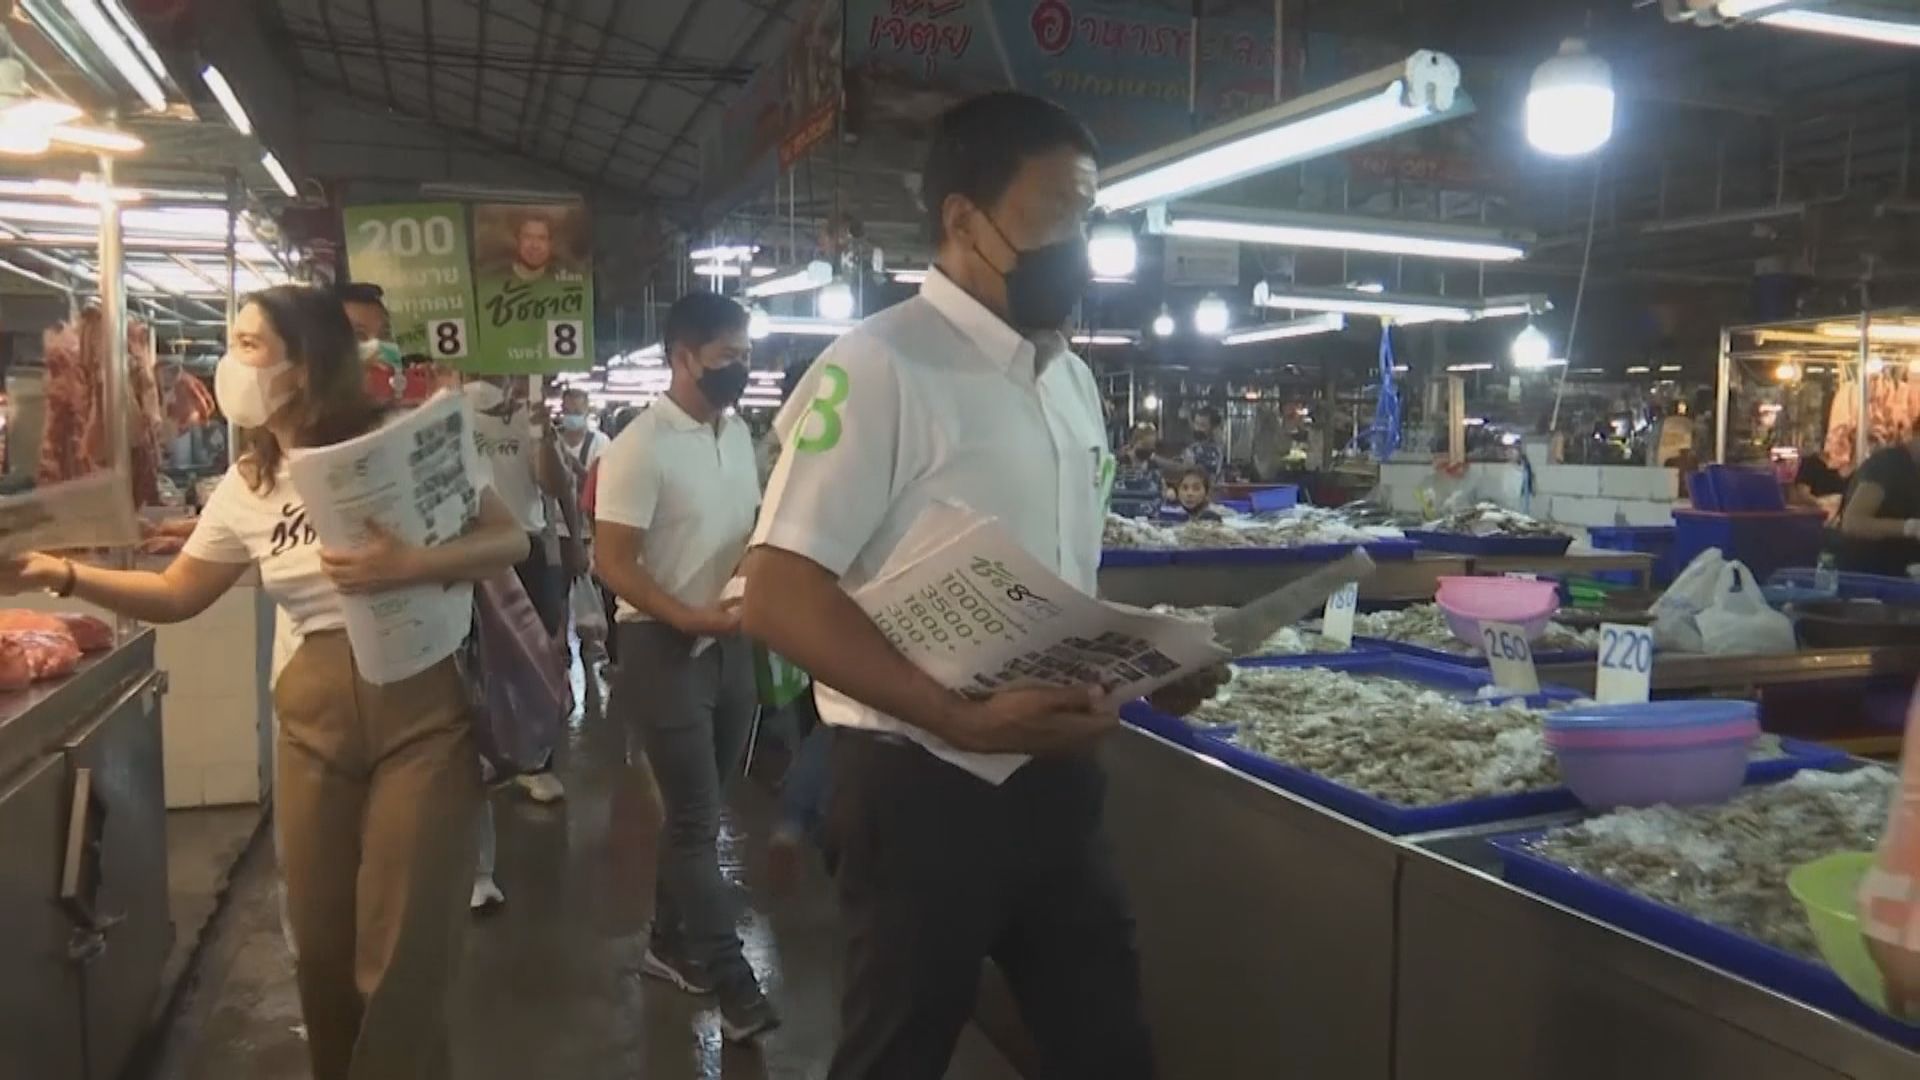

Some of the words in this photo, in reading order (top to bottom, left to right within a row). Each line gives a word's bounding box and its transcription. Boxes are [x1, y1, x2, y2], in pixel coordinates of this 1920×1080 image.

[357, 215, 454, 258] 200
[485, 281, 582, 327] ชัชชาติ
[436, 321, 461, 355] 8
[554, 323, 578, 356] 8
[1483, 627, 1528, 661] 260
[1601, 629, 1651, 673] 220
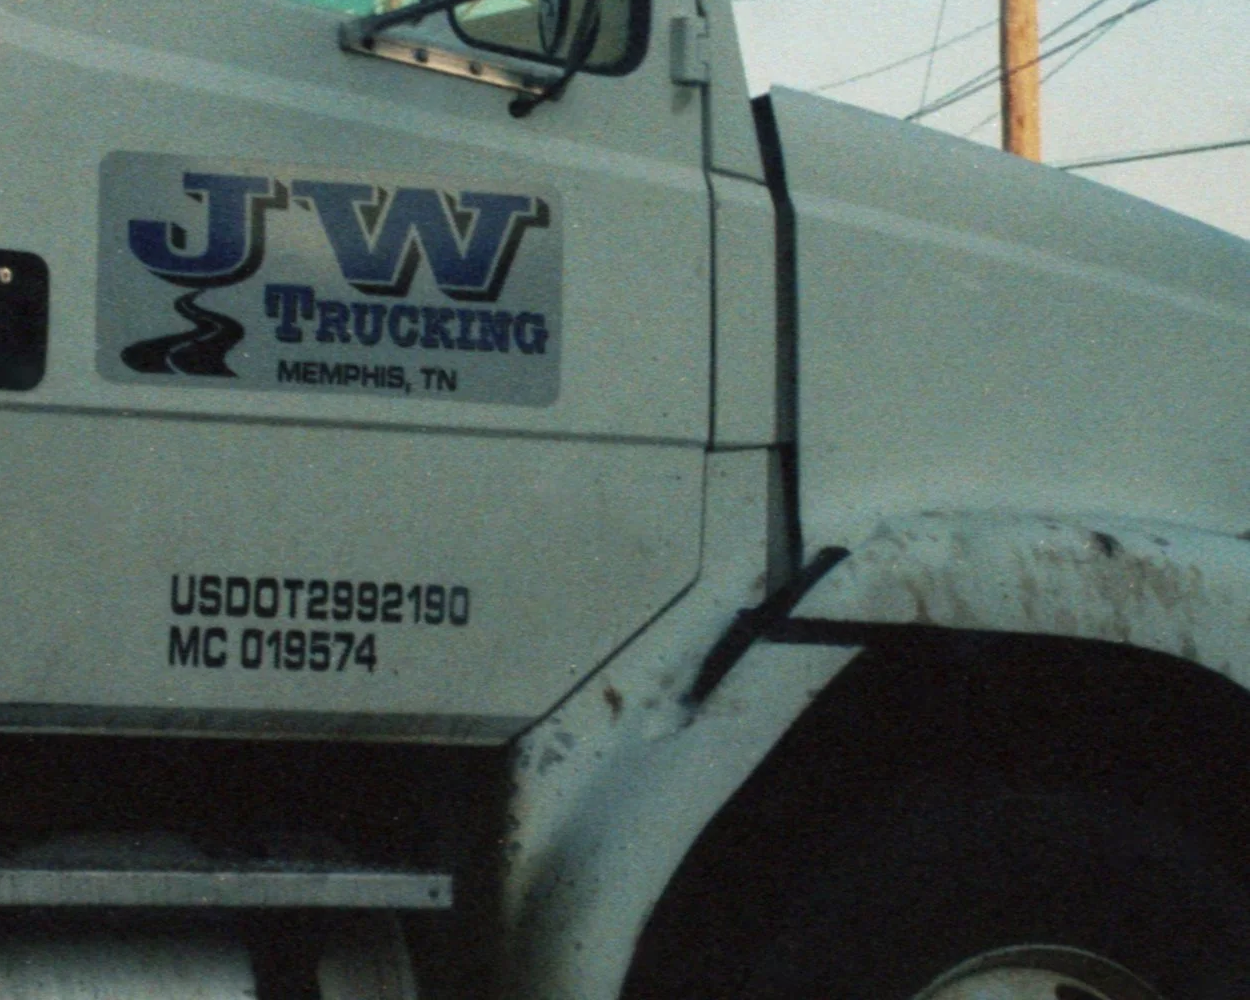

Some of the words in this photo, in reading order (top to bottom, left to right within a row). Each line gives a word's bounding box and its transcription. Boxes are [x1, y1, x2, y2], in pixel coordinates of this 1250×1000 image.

> What to produce
Strip out the images, then output the records above word for word.

> Exercise answer
Some of the words in this photo, in reading order (top to bottom, left to right within a row). Each line gives a word's bounding box and its transcription. Boxes are [x1, y1, x2, y2], in pixel coordinates of this 1920×1080 image.

[357, 215, 454, 258] 200
[485, 281, 582, 327] ชัชชาติ
[436, 321, 461, 355] 8
[554, 323, 578, 356] 8
[1483, 627, 1528, 661] 260
[1601, 629, 1651, 673] 220

Some of the words in this photo, in reading order (top to bottom, left to right within a row). Each line gives a word's bounding box and its transcription. Boxes are [x1, y1, x2, y2], in pixel coordinates of this 1250×1000 image.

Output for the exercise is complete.